• Problem description: When you transcribe the entries, reproduce every character and exclude the images.

Data for the task Start Marker

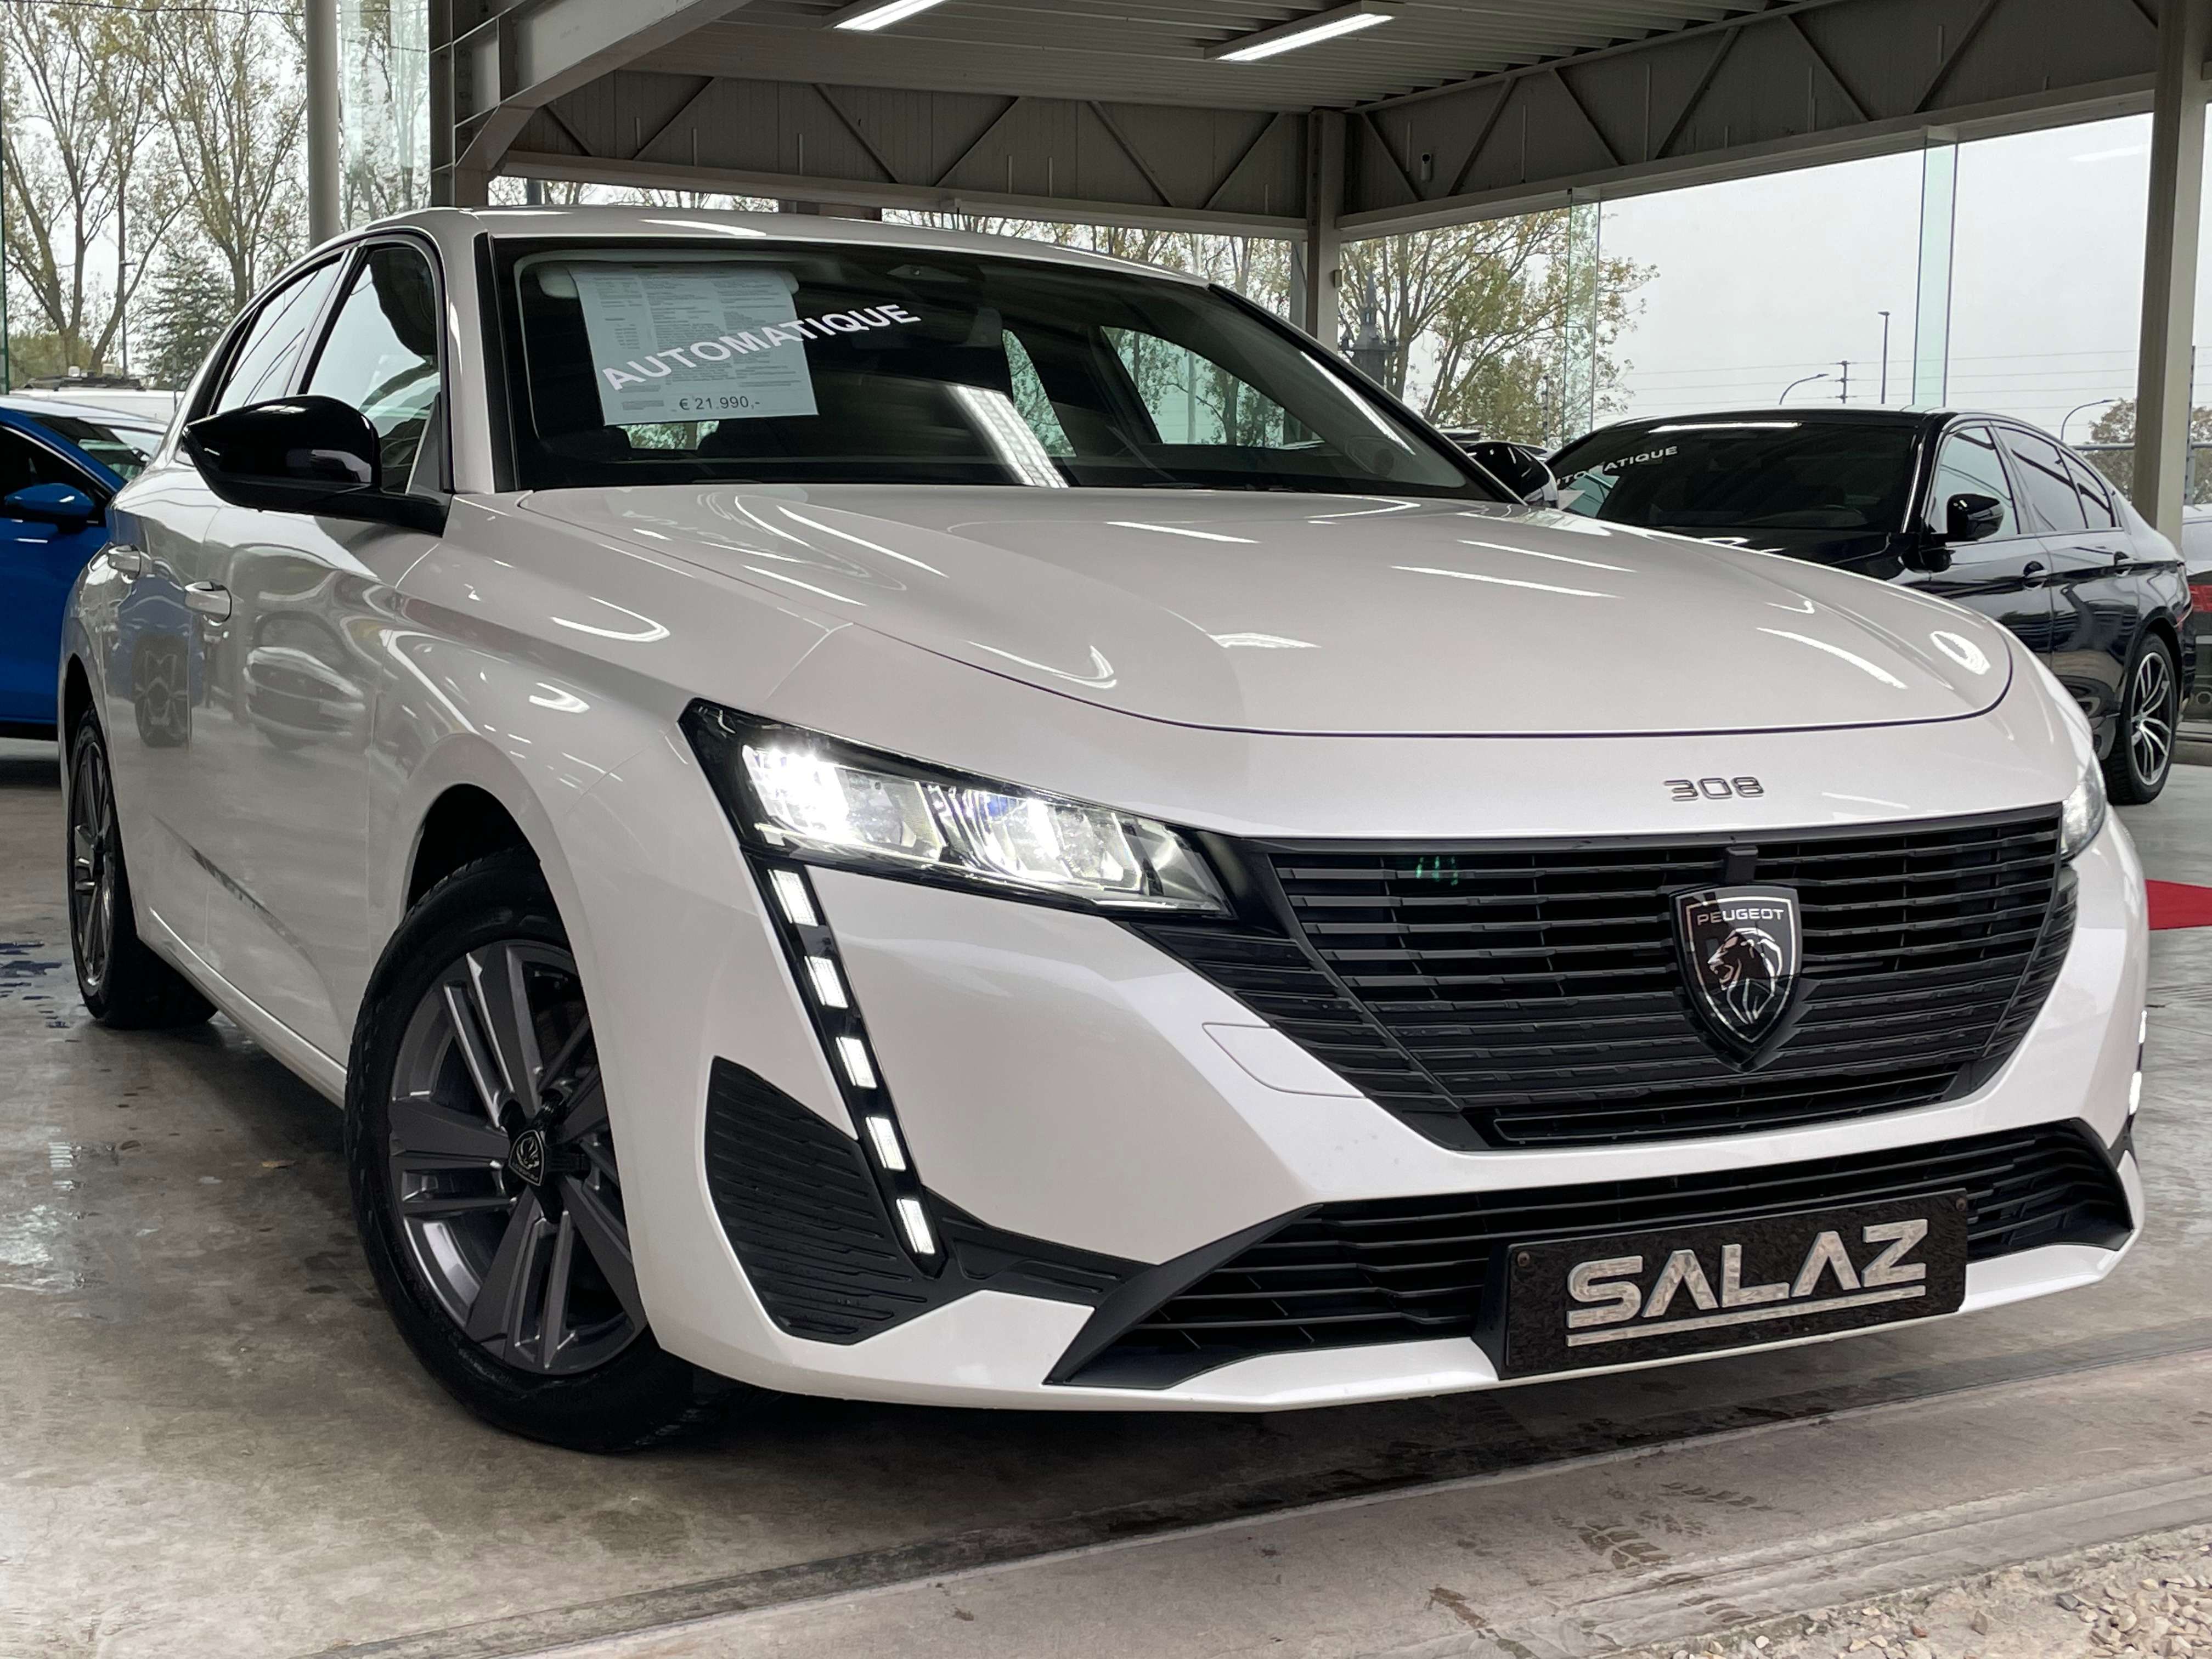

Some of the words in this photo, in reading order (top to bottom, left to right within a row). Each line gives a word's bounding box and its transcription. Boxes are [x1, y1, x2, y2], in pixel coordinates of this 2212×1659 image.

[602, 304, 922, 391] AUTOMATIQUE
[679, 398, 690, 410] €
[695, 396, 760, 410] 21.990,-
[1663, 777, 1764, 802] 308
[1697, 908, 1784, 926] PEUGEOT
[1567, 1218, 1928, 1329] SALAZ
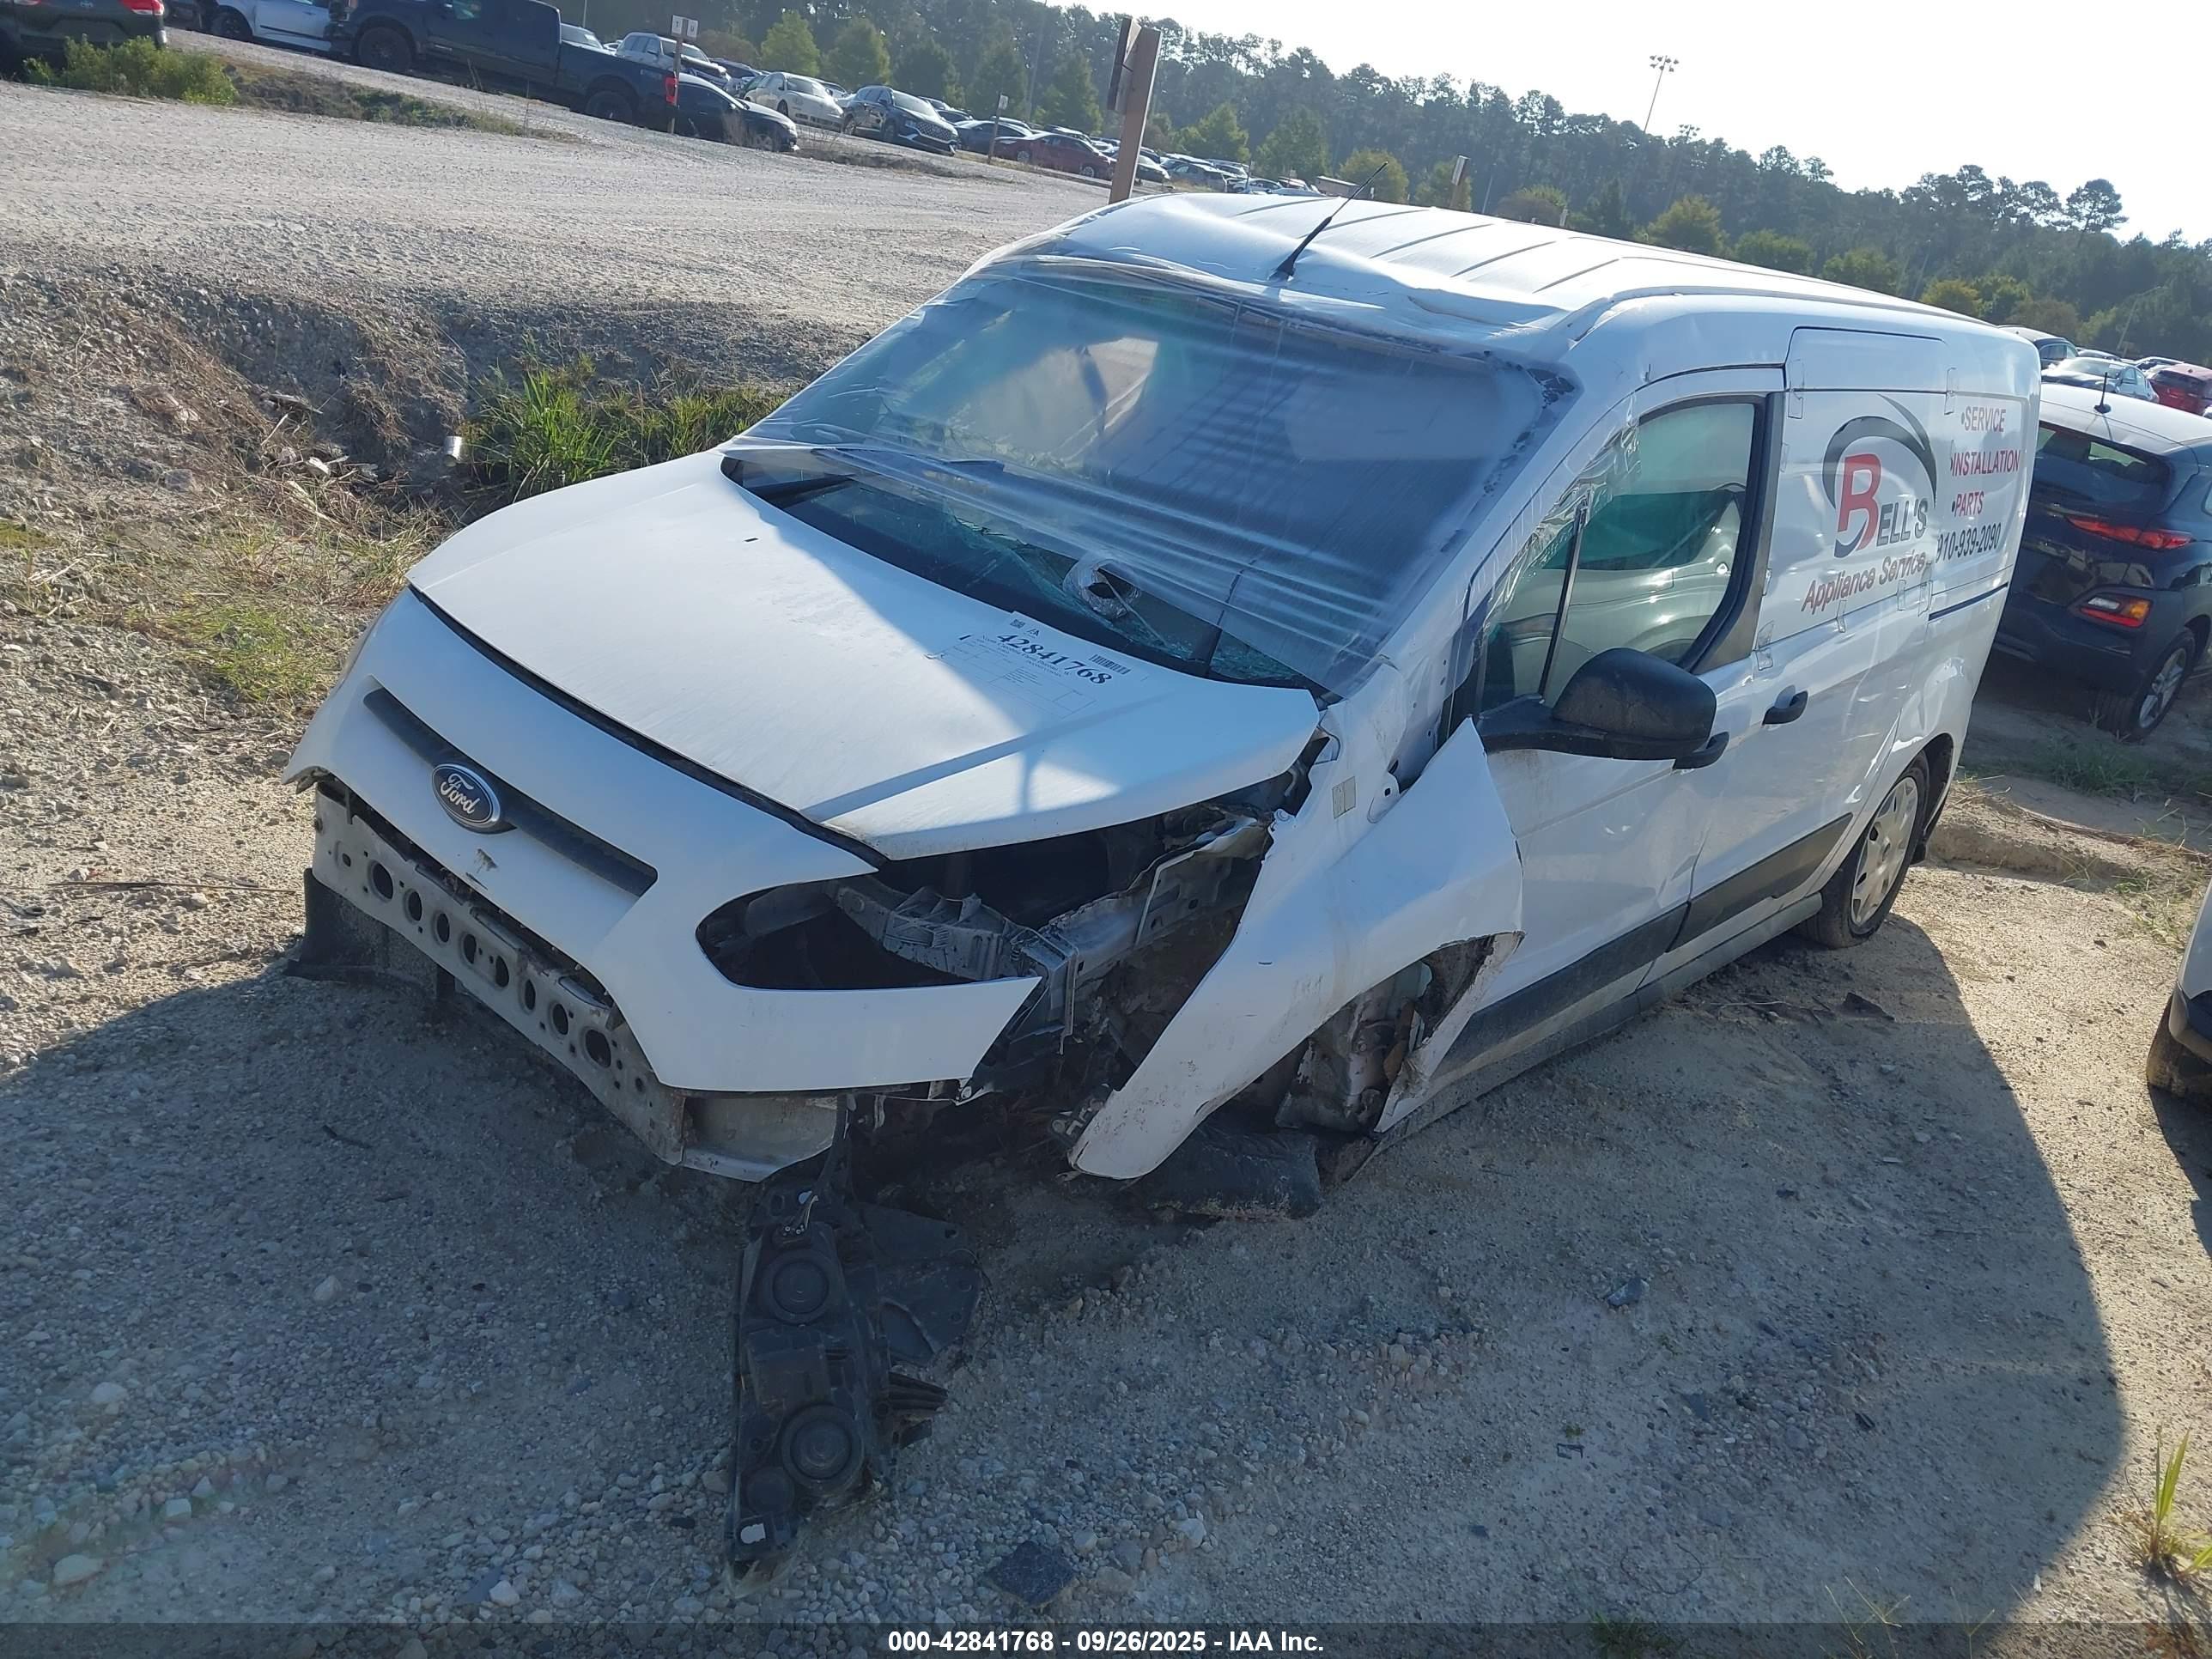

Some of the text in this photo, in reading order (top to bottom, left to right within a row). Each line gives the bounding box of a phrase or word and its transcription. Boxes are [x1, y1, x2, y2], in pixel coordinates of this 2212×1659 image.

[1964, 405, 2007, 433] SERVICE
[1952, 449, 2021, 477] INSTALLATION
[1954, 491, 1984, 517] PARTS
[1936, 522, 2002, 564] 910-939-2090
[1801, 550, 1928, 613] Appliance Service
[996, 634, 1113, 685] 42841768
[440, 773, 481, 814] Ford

Data for the task End Marker

• Answer box:
Some of the words in this photo, in reading order (top to bottom, left to right within a row). Each line gives a word's bounding box and its transcription. Boxes are [x1, y1, x2, y2], in pixel coordinates of this 2212×1659 image.

[602, 304, 922, 391] AUTOMATIQUE
[679, 398, 690, 410] €
[695, 396, 760, 410] 21.990,-
[1663, 777, 1764, 802] 308
[1697, 908, 1784, 926] PEUGEOT
[1567, 1218, 1928, 1329] SALAZ

Some of the text in this photo, in reading order (top to bottom, left to right within a row). Each line gives the bounding box of a phrase or word and its transcription. Boxes are [x1, y1, x2, y2], in pixel coordinates of this 2212×1659 image.

[1964, 405, 2007, 433] SERVICE
[1952, 449, 2021, 477] INSTALLATION
[1954, 491, 1984, 517] PARTS
[1936, 522, 2002, 564] 910-939-2090
[1801, 550, 1928, 613] Appliance Service
[996, 634, 1113, 685] 42841768
[440, 773, 481, 814] Ford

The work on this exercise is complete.